The problem:
Reproduce all of the data below without alteration; exclude every picture.
Start of Block
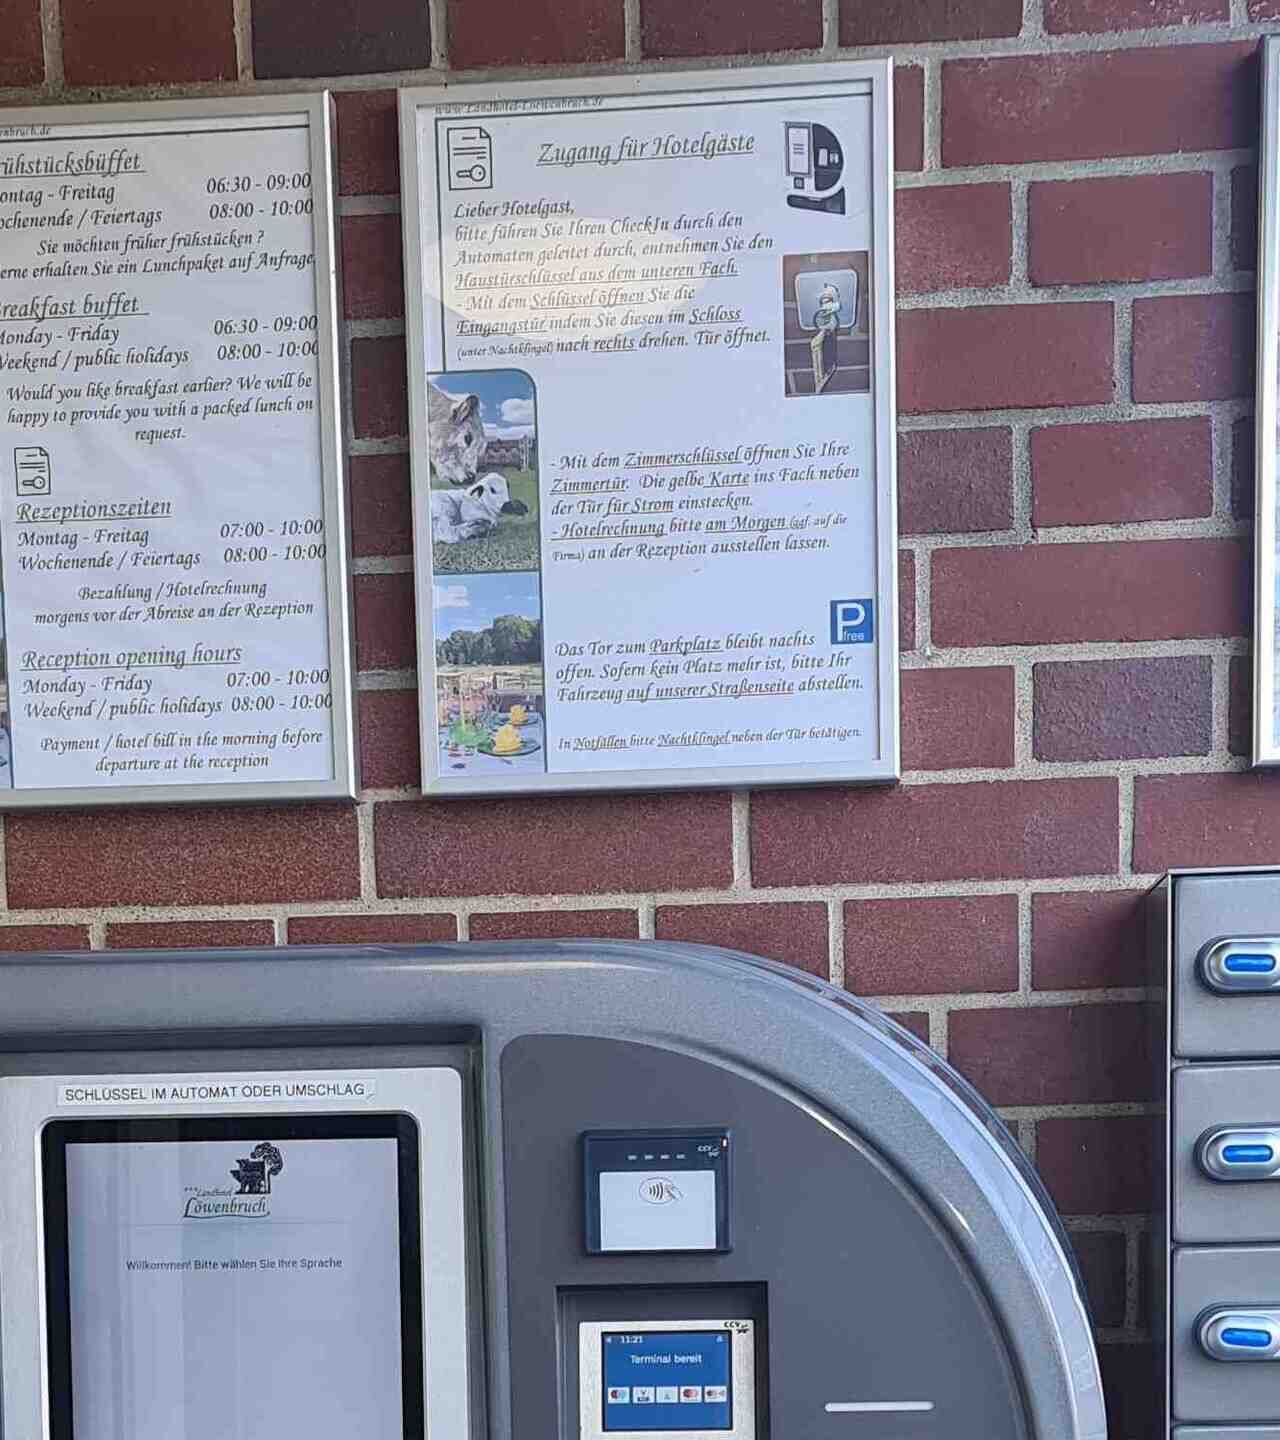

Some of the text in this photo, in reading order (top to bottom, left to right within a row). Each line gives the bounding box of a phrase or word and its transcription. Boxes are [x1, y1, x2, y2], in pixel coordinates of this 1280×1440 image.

[538, 133, 755, 166] Zugang für Hotelgäste
[59, 184, 115, 202] Freitag
[207, 176, 250, 194] 06:30
[267, 173, 311, 190] 09:00
[91, 207, 162, 227] Feiertags
[209, 203, 253, 220] 08:00
[271, 199, 313, 217] 10:00
[455, 198, 574, 218] Lieber Hotelgast,
[37, 231, 252, 256] Sie möchten früher frühstücken
[83, 294, 139, 318] buffet
[68, 325, 120, 345] Friday
[214, 318, 257, 335] 06:30
[274, 316, 318, 333] 09:00
[74, 350, 121, 369] public
[125, 347, 189, 367] holidays
[217, 344, 260, 362] 08:00
[279, 341, 319, 359] 10:00
[558, 442, 850, 470] Mit dem Zimmerschlüssel öffnen Sie Ihre
[18, 499, 171, 523] Rezeptionszeiten
[18, 519, 322, 548] Montag Freitag 07:00 10:00
[20, 543, 326, 570] Wochenende Feiertags 08:00 10:00
[79, 580, 266, 601] Bezahlung Hotelrechnung
[837, 603, 865, 641] P
[555, 632, 815, 657] Das Tor zum Parkplatz bleibt nachts
[844, 631, 864, 641] free
[22, 642, 240, 670] Reception opening hours
[23, 669, 329, 695] Monday Friday 07:00 10:00
[25, 693, 332, 719] Weekend public holidays 08:00 10:00
[151, 1087, 166, 1098] IM
[171, 1085, 236, 1098] AUTOMAT
[242, 1085, 281, 1097] ODER
[285, 1083, 365, 1096] UMSCHLAG
[184, 1197, 270, 1218] Löwenbruch
[126, 1256, 342, 1272] Willkommen! Bitte wählen Sie Ihre Sprache
[630, 1354, 702, 1364] Terminal bereit
End of Block
Your response:
Some of the text in this photo, in reading order (top to bottom, left to right within a row). Each line gives the bounding box of a phrase or word and its transcription. Boxes are [x1, y1, x2, y2], in pixel coordinates of this 1280×1440 image.

[538, 133, 755, 166] Zugang für Hotelgäste
[59, 184, 115, 202] Freitag
[207, 176, 250, 194] 06:30
[267, 173, 311, 190] 09:00
[91, 207, 162, 227] Feiertags
[209, 203, 253, 220] 08:00
[271, 199, 313, 217] 10:00
[455, 198, 574, 218] Lieber Hotelgast,
[37, 231, 252, 256] Sie möchten früher frühstücken
[83, 294, 139, 318] buffet
[68, 325, 120, 345] Friday
[214, 318, 257, 335] 06:30
[274, 316, 318, 333] 09:00
[74, 350, 121, 369] public
[125, 347, 189, 367] holidays
[217, 344, 260, 362] 08:00
[279, 341, 319, 359] 10:00
[558, 442, 850, 470] Mit dem Zimmerschlüssel öffnen Sie Ihre
[18, 499, 171, 523] Rezeptionszeiten
[18, 519, 322, 548] Montag Freitag 07:00 10:00
[20, 543, 326, 570] Wochenende Feiertags 08:00 10:00
[79, 580, 266, 601] Bezahlung Hotelrechnung
[837, 603, 865, 641] P
[555, 632, 815, 657] Das Tor zum Parkplatz bleibt nachts
[844, 631, 864, 641] free
[22, 642, 240, 670] Reception opening hours
[23, 669, 329, 695] Monday Friday 07:00 10:00
[25, 693, 332, 719] Weekend public holidays 08:00 10:00
[151, 1087, 166, 1098] IM
[171, 1085, 236, 1098] AUTOMAT
[242, 1085, 281, 1097] ODER
[285, 1083, 365, 1096] UMSCHLAG
[184, 1197, 270, 1218] Löwenbruch
[126, 1256, 342, 1272] Willkommen! Bitte wählen Sie Ihre Sprache
[630, 1354, 702, 1364] Terminal bereit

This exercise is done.